Asia for the World? Whose World? Reflections on the AFCC 2013


The AFCC (Asian Festival of Children's Content) was held in Singapore on 25 to 30 May 2013

At the moment, I'm reading The Language Inside by Holly Thompson, handed to me at the last minute in Singapore as I was about to get on a plane with an already overweight bag.

It's a splendid read. Congrats to Delacorte Press for daring to publish a novel told entirely in verse  and not just that, a story which is more about what is inside than outside.

The Language Inside is about a girl who has grown up in Japan, thinks Japanese, speaks Japanese, but is of American origin. And it asks the question so many young people want to know: where do I belong? Is what I am on the outside who I am on the inside?

Holly Thompson
@hatbooks
Holly herself has lived in Japan for eighteen years, bringing up a family there, though she is originally from the United States.

Perhaps the novel resonates with me so much because I am close to a point in my life where I would have lived in England for the same number of years as I've lived in my native Philippines.

Where do I belong?

Attending the AFCC, it struck me that this was the question uppermost in the minds of the delegates who came from all over Asia - from up in Mongolia to way down south in Australia.

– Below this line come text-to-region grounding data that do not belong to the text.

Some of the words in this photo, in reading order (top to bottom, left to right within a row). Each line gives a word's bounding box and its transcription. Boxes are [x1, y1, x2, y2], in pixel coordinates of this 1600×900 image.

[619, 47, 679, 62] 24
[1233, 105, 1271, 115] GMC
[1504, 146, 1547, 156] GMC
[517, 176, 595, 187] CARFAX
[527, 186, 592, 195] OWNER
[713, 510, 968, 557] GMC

Here's the blurb on the AFCC website:

Asian Content for the World's Children
Picture by Malaysian illustrator Emila Yusof

The focus this year was on Malaysia - and I was struck by how many of the countries attending shared the same story - bookshops are stocked with the latest bestsellers from the West, while local titles languish in forgotten corners.

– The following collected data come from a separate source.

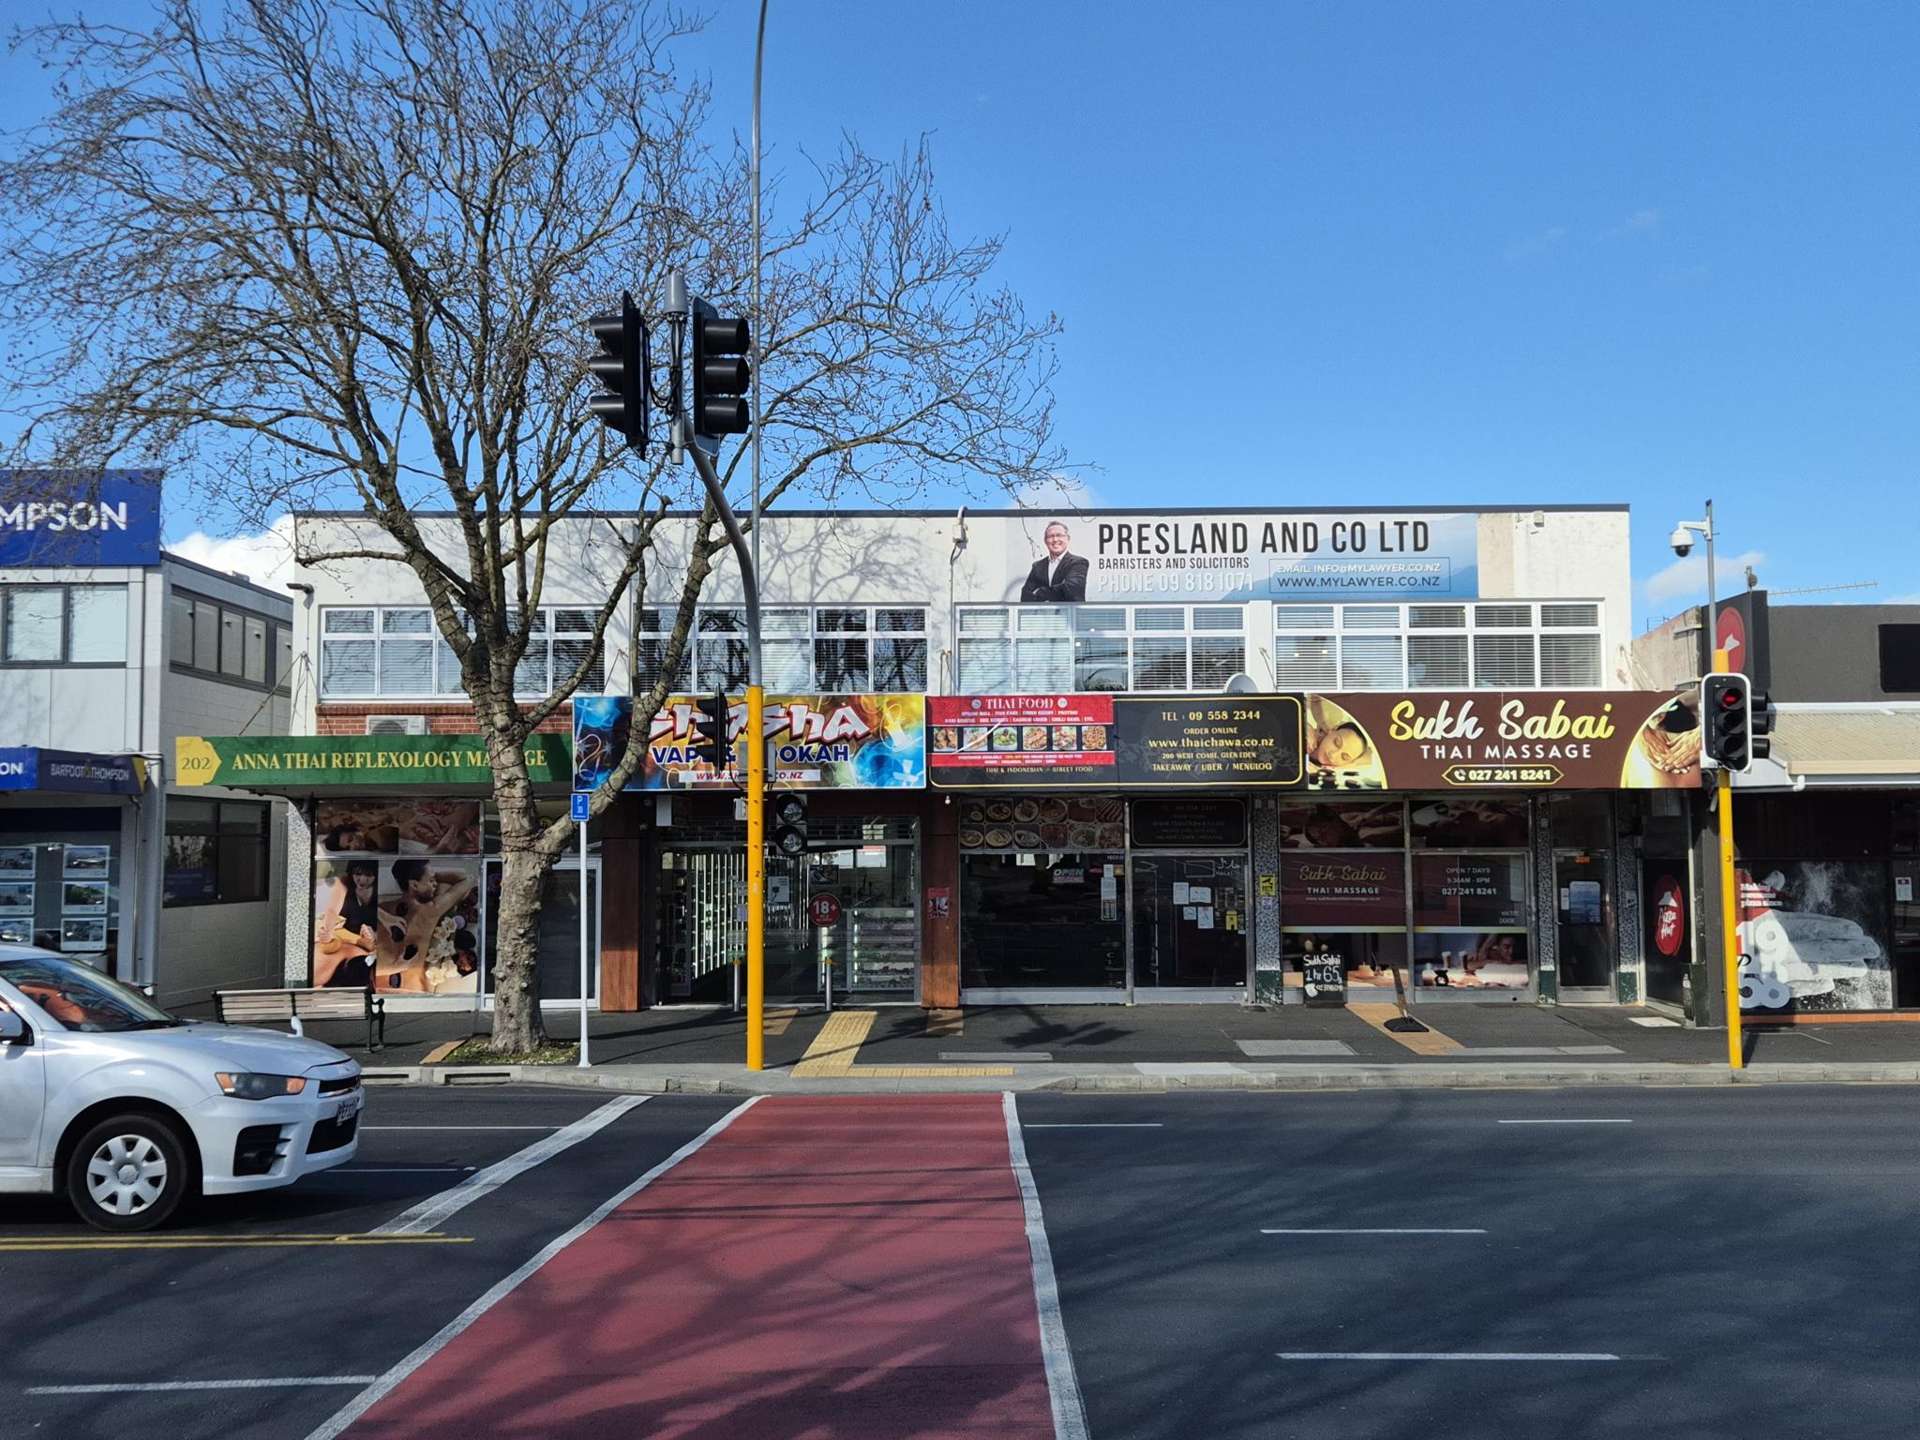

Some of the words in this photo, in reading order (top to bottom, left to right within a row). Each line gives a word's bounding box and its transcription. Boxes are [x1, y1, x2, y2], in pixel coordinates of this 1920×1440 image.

[1099, 522, 1249, 554] PRESLAND
[1261, 522, 1319, 553] AND
[1331, 521, 1367, 553] CO
[1379, 520, 1429, 552] LTD
[1098, 558, 1162, 570] BARRISTERS
[1165, 557, 1186, 569] AND
[1189, 557, 1250, 569] SOLICITORS
[1313, 562, 1441, 573] INFO@MYLAWYER.CO.NZ
[1098, 573, 1154, 593] PHONE
[1159, 573, 1180, 593] 09
[1184, 572, 1214, 593] 818
[1219, 571, 1254, 592] 1071
[1278, 576, 1441, 588] WWW.MYLAWYER.CO.NZ
[986, 698, 1015, 710] THAI
[1018, 697, 1054, 709] FOOD
[1162, 712, 1178, 721] TEL
[1188, 711, 1203, 721] 09
[1207, 711, 1229, 720] 558
[1233, 710, 1261, 720] 2344
[1389, 699, 1484, 741] Sukh
[1498, 699, 1616, 741] Sabai
[1183, 727, 1209, 735] ORDER
[1211, 727, 1239, 735] ONLINE
[1148, 737, 1275, 749] www.thaichawa.co.nz
[1420, 744, 1473, 760] THAI
[1484, 743, 1592, 759] MASSAGE
[181, 756, 212, 771] 202
[232, 753, 281, 770] ANNA
[282, 752, 327, 769] THAI
[331, 750, 463, 769] REFLEXOLOGY
[466, 750, 548, 768] MAGE
[1152, 763, 1192, 772] TAKEAWAY
[1201, 763, 1223, 771] UBER
[1232, 762, 1273, 771] MENULOG
[1468, 769, 1493, 782] 027
[1494, 769, 1518, 782] 241
[1520, 769, 1551, 782] 8241
[1299, 864, 1337, 881] Sukh
[1341, 864, 1387, 881] Sabai
[1306, 886, 1329, 895] THAI
[1333, 886, 1380, 895] MASSAGE
[1441, 887, 1457, 896] 027
[1457, 887, 1474, 896] 241
[1476, 887, 1497, 896] 8241

And even when cash-strapped publishers innovate - witness the low-cost, self-made pop-up books created by Filipino writer illustrator Jomike Tejido in my video - the consuming public continues to favour the product flow from the West.

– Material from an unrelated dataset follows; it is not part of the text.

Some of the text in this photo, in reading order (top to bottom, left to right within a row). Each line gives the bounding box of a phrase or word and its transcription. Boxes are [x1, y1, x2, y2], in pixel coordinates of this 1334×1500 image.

Filipino writer illustrator Jomike Tejido - innovating instead of making do

If children had the choice, would they pick up a homegrown book or the latest Wimpy Kid? Someone asked at a rather exciting discussion about the Asianness of content (the panel featured author/reviewer Daphne Lee, Paper Tigers critic Marjorie Coughlan, and author Anushka Ravishankar (India's Dr Seuss according to an old article).

The exciting panel: Daphne, Anushka, Marjorie with moderator Lisa Yun.
Photo: Holly Thompson

'It's our responsibility as adults to go out there and put it into the hands of the children,' Marjorie said.
And yet Asian books 'are having to fight very hard to reach an audience'.

'Choice is important,' Daphne said. 'I grew up with no choice. There were no Asian books.' Later, writing in  Malaysia's Star Online, Daphne described publishing in parts of Asia as 'still learning the ropes'.

It seems that Asian content is something we discuss at every AFCC. It should be something that we all take for granted, but I suppose the industry is still too young for us to feel confident about what we put into our books. Can you imagine a panel at the Edinburgh Festival discussing the wisdom of publishing books with European themes? Suck it up, people, Daphne Lee, Star Online

At one point, we found ourselves wondering if Asian resistance to confrontation might be getting in the way of craft!

This year, I was one of the judges of the Sing Tel Asian Picture Book Award - seeking an 'outstanding picture book with a distinctly Asian theme'. 'Distinctly Asian' was inevitably interpreted by entries as folk tales, festivals and chopsticks.

Winner of the illustration category was Bolorma Baasansuren from Mongolia.
I just LOVED her work. This is a page from a picture book she had illustrated called A Wise Mother and a Bad Fox (A Mongolian Story) published in Japanese by Fukuinkan Shoten Publishers in Tokyo

Interestingly, the AFCC was also launching this book:



BEYOND Folktales, Legends and Myths, the title says - it calls itself a rediscovery of children's literature in Asia. Edited by Myra Garces and the delicious Tuting Hernandez, it attempts to describe the coat of many colours that is Asian literature.

Launching Beyond Folktales with Myra (who's pretty tasty herself) and Tuting (right)

I wrote the end chapter, the story of my own journey to publication and how I had to overcome my own disbelief.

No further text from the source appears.